[Collected data]
╭──

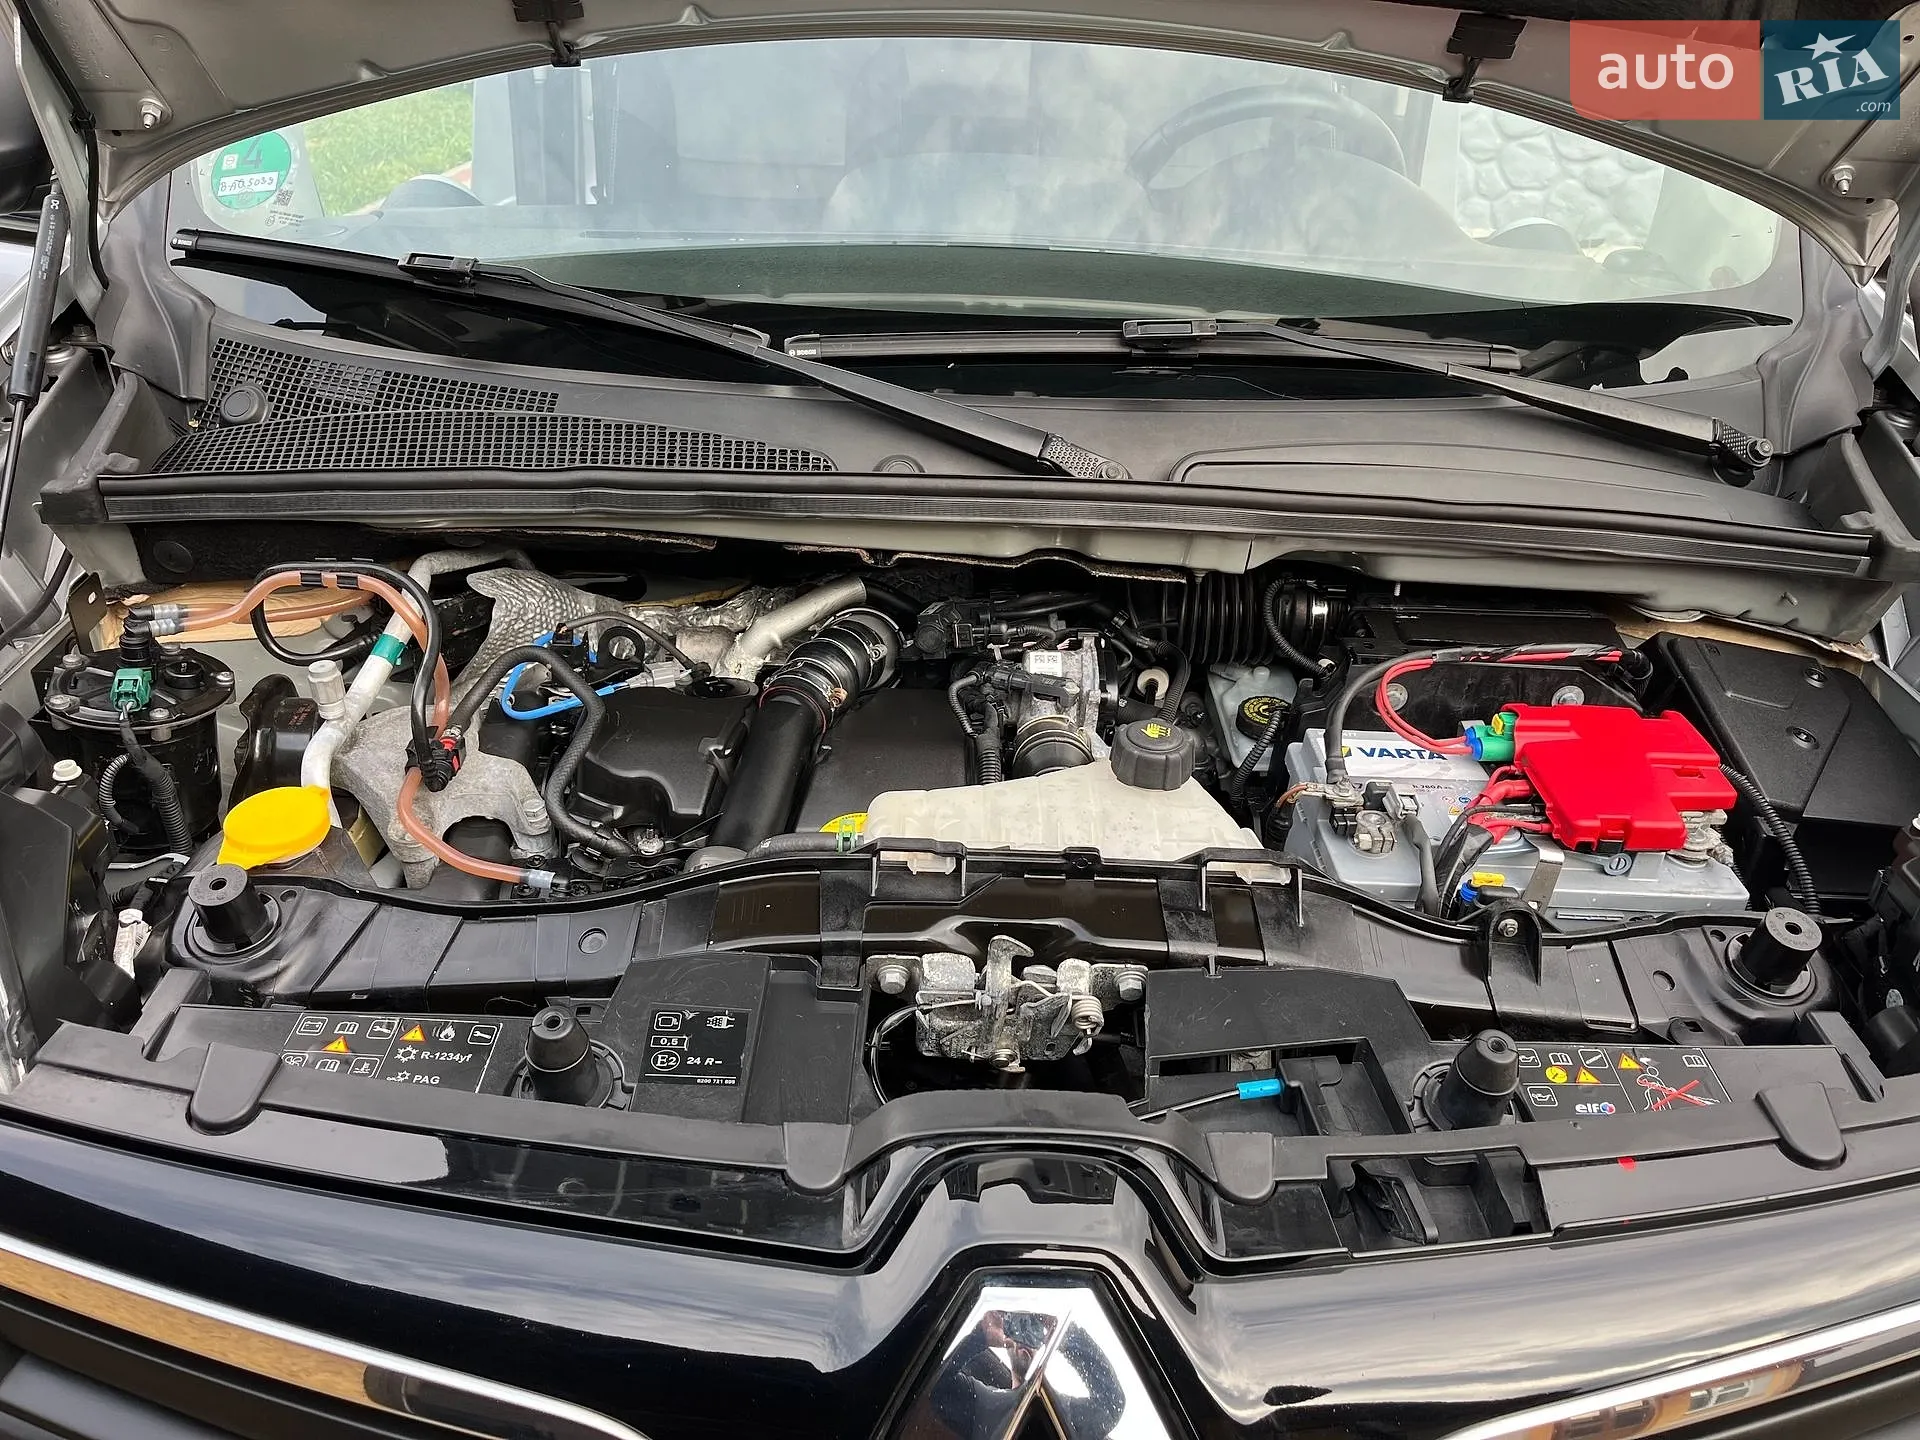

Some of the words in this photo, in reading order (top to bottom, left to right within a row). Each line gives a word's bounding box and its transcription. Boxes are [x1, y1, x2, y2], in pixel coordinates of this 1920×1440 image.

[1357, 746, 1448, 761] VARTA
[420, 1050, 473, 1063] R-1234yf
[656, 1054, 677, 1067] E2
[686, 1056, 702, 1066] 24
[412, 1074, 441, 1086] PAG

╰──

Exercise → Skip the pictures and transcribe the rest of the records exactly.

Response box →
Some of the words in this photo, in reading order (top to bottom, left to right within a row). Each line gives a word's bounding box and its transcription. Boxes are [x1, y1, x2, y2], in pixel coordinates of this 1920×1440 image.

[1357, 746, 1448, 761] VARTA
[420, 1050, 473, 1063] R-1234yf
[656, 1054, 677, 1067] E2
[686, 1056, 702, 1066] 24
[412, 1074, 441, 1086] PAG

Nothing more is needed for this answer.